The exhibition focuses specifically, the Italo-Turkish War of 1911-12 that resulted in the Italian colonial occupation of Libya. This conflict marked the first use of aircraft and aerial bombing in military history and the development of new, martial uses of wireless technology. The war in Libya and the year 1911 – the 50th anniversary of Italian unification - are crucial to assess the way the Italian liberal nationalist ideology, built on the myth of Risorgimento, created the conditions for the emergence of Fascism. On the other hand, it brings to light the international, violent repercussions of this ideology, which led to the onset of World War I and the development of new genocidal technologies to control and annihilate colonial subjects.

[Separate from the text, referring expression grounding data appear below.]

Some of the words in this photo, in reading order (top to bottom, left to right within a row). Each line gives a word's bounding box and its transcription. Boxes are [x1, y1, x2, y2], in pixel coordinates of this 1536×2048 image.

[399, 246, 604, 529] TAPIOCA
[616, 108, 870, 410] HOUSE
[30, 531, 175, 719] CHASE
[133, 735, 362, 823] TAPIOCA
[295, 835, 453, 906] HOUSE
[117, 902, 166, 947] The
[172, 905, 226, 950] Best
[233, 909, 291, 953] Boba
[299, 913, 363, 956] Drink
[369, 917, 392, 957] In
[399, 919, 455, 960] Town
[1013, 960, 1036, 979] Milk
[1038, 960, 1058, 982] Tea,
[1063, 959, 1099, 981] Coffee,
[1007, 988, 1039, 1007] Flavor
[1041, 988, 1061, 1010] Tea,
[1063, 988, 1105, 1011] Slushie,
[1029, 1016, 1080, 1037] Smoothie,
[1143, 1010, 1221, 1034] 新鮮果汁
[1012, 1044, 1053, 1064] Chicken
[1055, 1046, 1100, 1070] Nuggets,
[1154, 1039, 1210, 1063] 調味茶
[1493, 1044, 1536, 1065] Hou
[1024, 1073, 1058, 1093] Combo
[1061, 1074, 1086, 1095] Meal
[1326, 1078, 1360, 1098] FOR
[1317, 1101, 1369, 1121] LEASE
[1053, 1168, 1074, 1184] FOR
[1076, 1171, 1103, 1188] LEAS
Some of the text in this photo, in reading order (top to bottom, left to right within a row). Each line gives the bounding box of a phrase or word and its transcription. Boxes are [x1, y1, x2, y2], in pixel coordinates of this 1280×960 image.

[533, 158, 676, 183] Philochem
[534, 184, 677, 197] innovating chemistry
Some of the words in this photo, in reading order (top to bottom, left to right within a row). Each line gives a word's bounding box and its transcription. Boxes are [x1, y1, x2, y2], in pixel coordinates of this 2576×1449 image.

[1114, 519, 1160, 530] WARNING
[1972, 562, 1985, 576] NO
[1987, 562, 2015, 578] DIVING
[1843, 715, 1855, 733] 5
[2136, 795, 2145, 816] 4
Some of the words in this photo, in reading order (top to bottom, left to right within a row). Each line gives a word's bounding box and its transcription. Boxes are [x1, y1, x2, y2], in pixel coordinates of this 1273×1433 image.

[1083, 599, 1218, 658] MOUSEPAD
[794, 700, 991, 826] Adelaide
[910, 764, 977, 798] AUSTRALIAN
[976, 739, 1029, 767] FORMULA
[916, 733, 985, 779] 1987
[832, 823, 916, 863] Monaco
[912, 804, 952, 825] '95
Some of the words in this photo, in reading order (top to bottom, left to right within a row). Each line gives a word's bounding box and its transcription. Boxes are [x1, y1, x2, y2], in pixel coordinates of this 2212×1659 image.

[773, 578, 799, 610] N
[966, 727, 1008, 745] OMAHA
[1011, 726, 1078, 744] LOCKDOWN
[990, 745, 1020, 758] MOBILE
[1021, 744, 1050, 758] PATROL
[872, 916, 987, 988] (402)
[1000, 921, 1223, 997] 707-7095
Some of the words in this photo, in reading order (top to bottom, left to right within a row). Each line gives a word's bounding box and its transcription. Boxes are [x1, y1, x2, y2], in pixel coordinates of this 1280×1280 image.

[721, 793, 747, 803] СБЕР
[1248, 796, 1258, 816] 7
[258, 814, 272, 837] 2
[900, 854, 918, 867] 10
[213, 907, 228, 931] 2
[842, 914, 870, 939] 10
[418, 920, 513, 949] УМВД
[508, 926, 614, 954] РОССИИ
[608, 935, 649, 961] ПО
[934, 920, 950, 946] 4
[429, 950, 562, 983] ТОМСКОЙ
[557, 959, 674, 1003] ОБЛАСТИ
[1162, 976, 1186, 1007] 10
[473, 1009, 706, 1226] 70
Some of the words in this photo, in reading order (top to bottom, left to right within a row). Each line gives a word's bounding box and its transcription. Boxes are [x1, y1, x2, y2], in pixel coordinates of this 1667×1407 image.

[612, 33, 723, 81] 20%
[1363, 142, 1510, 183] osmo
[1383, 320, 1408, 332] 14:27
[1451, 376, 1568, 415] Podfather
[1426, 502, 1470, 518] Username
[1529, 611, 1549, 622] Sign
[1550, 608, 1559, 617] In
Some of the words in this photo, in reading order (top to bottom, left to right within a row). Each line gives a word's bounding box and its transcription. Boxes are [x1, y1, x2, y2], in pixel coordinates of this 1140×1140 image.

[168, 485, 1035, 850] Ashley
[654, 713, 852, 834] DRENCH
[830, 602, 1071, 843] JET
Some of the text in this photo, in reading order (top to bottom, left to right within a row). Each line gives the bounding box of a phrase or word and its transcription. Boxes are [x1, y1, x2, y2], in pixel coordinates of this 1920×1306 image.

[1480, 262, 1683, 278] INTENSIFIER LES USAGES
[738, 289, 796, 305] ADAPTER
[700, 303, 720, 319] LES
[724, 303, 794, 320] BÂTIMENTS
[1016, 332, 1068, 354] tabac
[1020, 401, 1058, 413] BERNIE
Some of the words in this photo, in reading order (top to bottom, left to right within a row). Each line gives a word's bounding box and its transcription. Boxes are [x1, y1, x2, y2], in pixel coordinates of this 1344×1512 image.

By highlighting the impact of the Italo-Turkish War on the development of Futurism and Fascist ideology and aesthetics, the exhibition questions how technology has been mythologised, sacralised, and memorialised. Framing these considerations is a reflection on the ideological power of images. On the other hand, Ferrini proposes recalibrating this imaginal constellation to foster liberatory practices.
I Saw a Dark Cloud Rise was prompted by the artist’s visit to the Sanctuary of Oropa, in the province of Biella (Italy). Dedicated to the Black Virgin of Oropa, it sits on a mountainside, overlooking a valley. Here, a commemorative plaque dedicated to Guglielmo Marconi and erected by the Fascist regime, claims that wireless technology had an almost divine origin: it came to Marconi as he contemplated the valley from this vantage point. In addition, the sanctuary presents a collection of ex-voto artefacts that include a painting referring to the 1911 massacre of Shar al-Shatt, perpetrated by the Italians on the Libyan population, which triggered the first aerial bombing.
Three-channel HD video installation
with sound, total duration 24':00"
Prints on photographic paper and on vinyl.
Exhibition curated by Bernardo Follini.
Commissioned and produced by
Fondazione Sandretto Re Rebaudengo.
Original sound composition,
sound editing and mixing by
Valeria Merlini (aka JD Zazie).
Camera work by Matteo Zin.
Script editing and proof by Elisa Adami.
AV exhibition production by Rajan Craveri.
Production assistance by Edoardo Durante.
Sound consultancy (5.1 installation)
by Heidrun Schramm.
Installation photographs by
Sebastiano Pellion di Persano.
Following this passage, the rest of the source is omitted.